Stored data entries
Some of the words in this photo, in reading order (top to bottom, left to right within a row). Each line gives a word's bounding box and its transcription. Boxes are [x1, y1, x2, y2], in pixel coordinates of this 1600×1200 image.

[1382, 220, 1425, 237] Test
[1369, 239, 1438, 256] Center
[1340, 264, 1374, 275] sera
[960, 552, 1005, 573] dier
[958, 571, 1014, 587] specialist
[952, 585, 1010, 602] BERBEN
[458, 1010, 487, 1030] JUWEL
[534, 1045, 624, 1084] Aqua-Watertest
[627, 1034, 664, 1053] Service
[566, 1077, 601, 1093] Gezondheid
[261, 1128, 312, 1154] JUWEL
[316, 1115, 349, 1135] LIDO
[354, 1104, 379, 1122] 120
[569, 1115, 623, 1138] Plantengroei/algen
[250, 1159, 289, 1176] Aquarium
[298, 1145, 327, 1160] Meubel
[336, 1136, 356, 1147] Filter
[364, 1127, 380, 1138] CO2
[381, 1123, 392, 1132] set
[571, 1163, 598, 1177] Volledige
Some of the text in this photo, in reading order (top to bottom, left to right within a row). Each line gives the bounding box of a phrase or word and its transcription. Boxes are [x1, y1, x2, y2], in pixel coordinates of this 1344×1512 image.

Brief: When you retype the entries above, keep every line identical to the source.

Answer space:
Some of the words in this photo, in reading order (top to bottom, left to right within a row). Each line gives a word's bounding box and its transcription. Boxes are [x1, y1, x2, y2], in pixel coordinates of this 1600×1200 image.

[1382, 220, 1425, 237] Test
[1369, 239, 1438, 256] Center
[1340, 264, 1374, 275] sera
[960, 552, 1005, 573] dier
[958, 571, 1014, 587] specialist
[952, 585, 1010, 602] BERBEN
[458, 1010, 487, 1030] JUWEL
[534, 1045, 624, 1084] Aqua-Watertest
[627, 1034, 664, 1053] Service
[566, 1077, 601, 1093] Gezondheid
[261, 1128, 312, 1154] JUWEL
[316, 1115, 349, 1135] LIDO
[354, 1104, 379, 1122] 120
[569, 1115, 623, 1138] Plantengroei/algen
[250, 1159, 289, 1176] Aquarium
[298, 1145, 327, 1160] Meubel
[336, 1136, 356, 1147] Filter
[364, 1127, 380, 1138] CO2
[381, 1123, 392, 1132] set
[571, 1163, 598, 1177] Volledige
Some of the text in this photo, in reading order (top to bottom, left to right within a row). Each line gives the bounding box of a phrase or word and its transcription. Boxes are [x1, y1, x2, y2], in pixel coordinates of this 1344×1512 image.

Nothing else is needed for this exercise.